A while ago, I needed the results of last year’s Lower House election in the Netherlands, by municipality. Dutch election data is available from the website of the Kiesraad (Electoral Board). However, it doesn’t contain a table of results per municipality. You’ll have to collect this information from almost 400 different web pages. This calls for a webscraper.
What’s Selenium? «Selenium automates browsers. That’s it!» Selenium is primarily a tool for testing web applications. However, as a tutorial by Thiago Marzagão explains, it can also be used for webscraping:
[S]ome websites don’t like to be webscraped. In these cases you may need to disguise your webscraping bot as a human being. Selenium is just the tool for that. Selenium is a webdriver: it takes control of your browser, which then does all the work.
Once you have everything in place, this is how you launch the driver and load a page:
from selenium import webdriver URL = 'https://www.verkiezingsuitslagen.nl/verkiezingen/detail/TK20170315' browser = webdriver.Chrome() browser.get(URL)
This will open a new browser window. You can use either xpath or css selectors to find elements and then interact with them. For example, find a dropdown menu, identify the options from the menu and select the second one:
XPATH_PROVINCES = '//*[@id="search"]/div/div/div' element = browser.find_element_by_xpath(XPATH_PROVINCES) options = element.find_elements_by_tag_name('option') options.click()
If you’d check the page source of the web page, you wouldn’t find the options of the dropdown menu; they’re added afterwards. With Selenium, you needn’t worry about that - it will load the options for you.
Well, actually, there’s a bit more to it: you can’t find and select the options until they’ve actually loaded. Likely, the options won’t be in place initially, so you’ll need to wait a bit and retry.
Selenium comes with functions that specify what it should wait for, and how long it should wait and retry before it throws an error. But this isn’t always straightforward, as Marzagão explains:
Deciding what elements to (explicitly) wait for, with what conditions, and for how long is a trial-and-error process. […] This is often a frustrating process and you’ll need patience. You think that you’ve covered all the possibilities and your code runs for an entire week and you are all happy and celebratory and then on day #8 the damn thing crashes. The servers went down for a millisecond or your Netflix streaming clogged your internet connection or whatnot. It happens.

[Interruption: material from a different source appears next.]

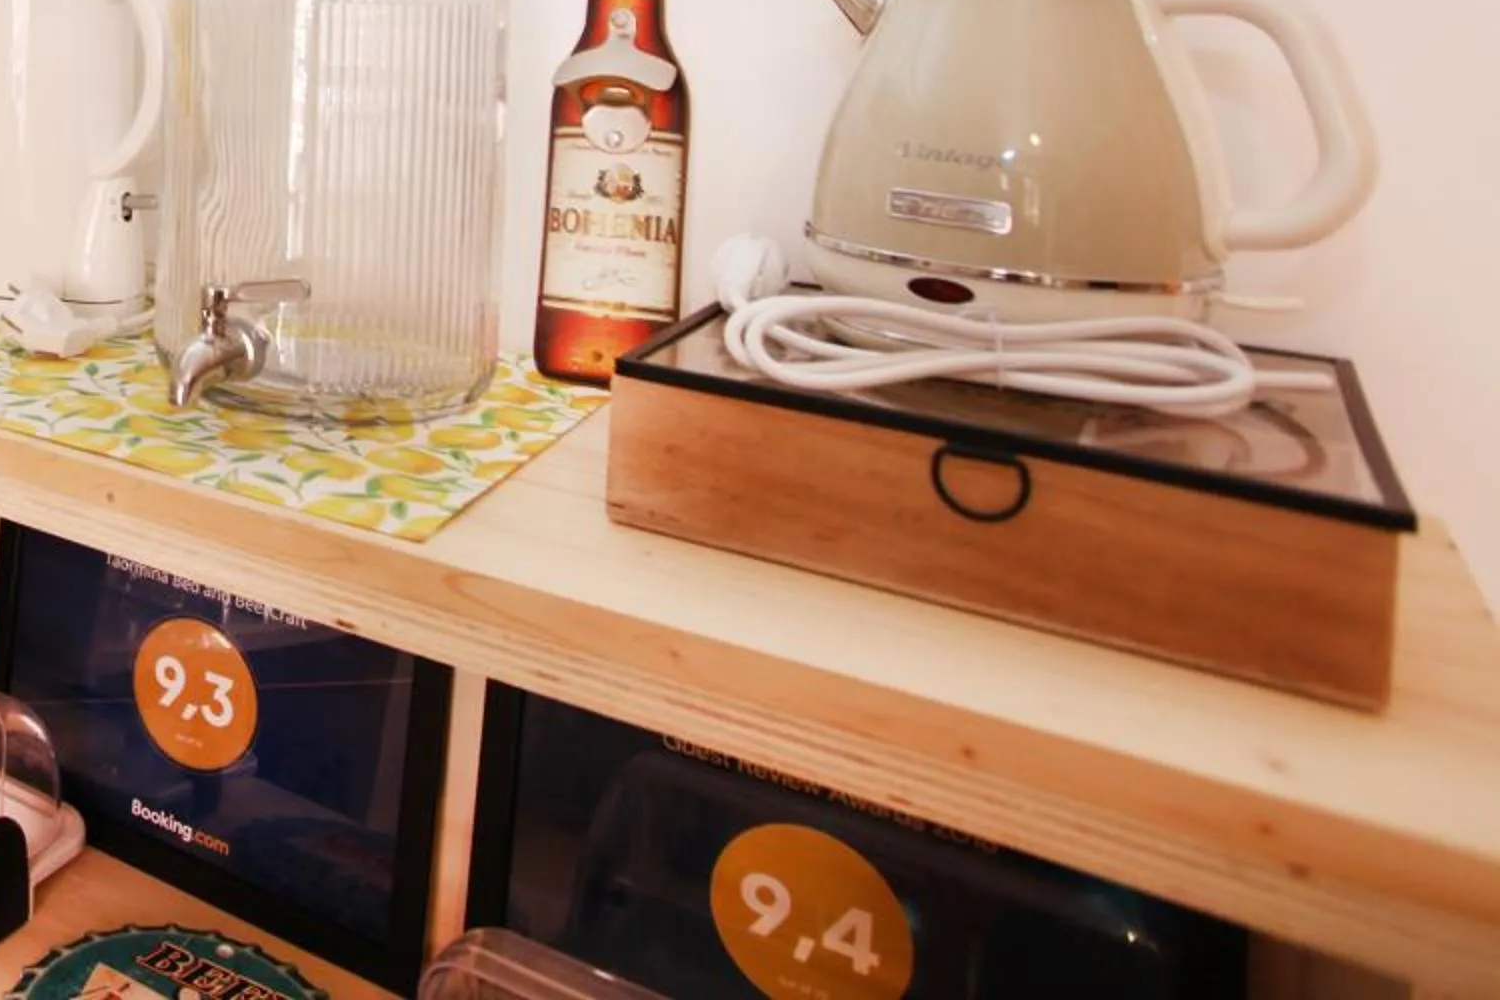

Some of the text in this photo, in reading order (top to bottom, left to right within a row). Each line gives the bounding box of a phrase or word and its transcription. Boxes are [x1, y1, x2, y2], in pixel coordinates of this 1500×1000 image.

I ran into pretty similar problems when I tried to scrape the Kiesraad website. I tried many variations of the built-in wait parameters, but without any success. In the end I decided to write a few custom functions for the purpose.
The example below looks up the options of a dropdown menu. As long as the number of options isn’t greater than 1 (the page initially loads with only one option, a dash, and other options are loaded subsequently), it will wait a few seconds and try again - until more options are found or until a maximum number of tries has been reached.
MAX_TRIES = 15 def count_options(xpath, browser): time.sleep(3) tries = 0 while tries < MAX_TRIES: try: element = browser.find_element_by_xpath(xpath) count = len(element.find_elements_by_tag_name('option')) if count > 1: return count except: pass time.sleep(1) tries += 1 return count
Here’s a script that will download and save the result pages of all cities for the March 2017 Lower House election, parse the html, and store the results as a csv file. Run it from a subfolder in your project folder.
Dutch election results are provided by the Kiesraad as open data. In the past, the Kiesraad website used to provide a csv with the results of all the municipalities, but this option is no longer available. Alternatively, a download is available of datasets for each municipality, but at least for 2017, municipalities use different formats.
Scraping the Kiesraad website appears to be the only way to get uniform data per municipality.
Since I originally wrote the scraper, the Kiesraad website has been changed. As a result, it would now be possible to scrape the site in a much easier way, and there would be no need to use Selenium. The source code of the landing page for an election contains a dictionary with id numbers for all the municipalities. With those id numbers, you can create urls for their result pages. No clicking required.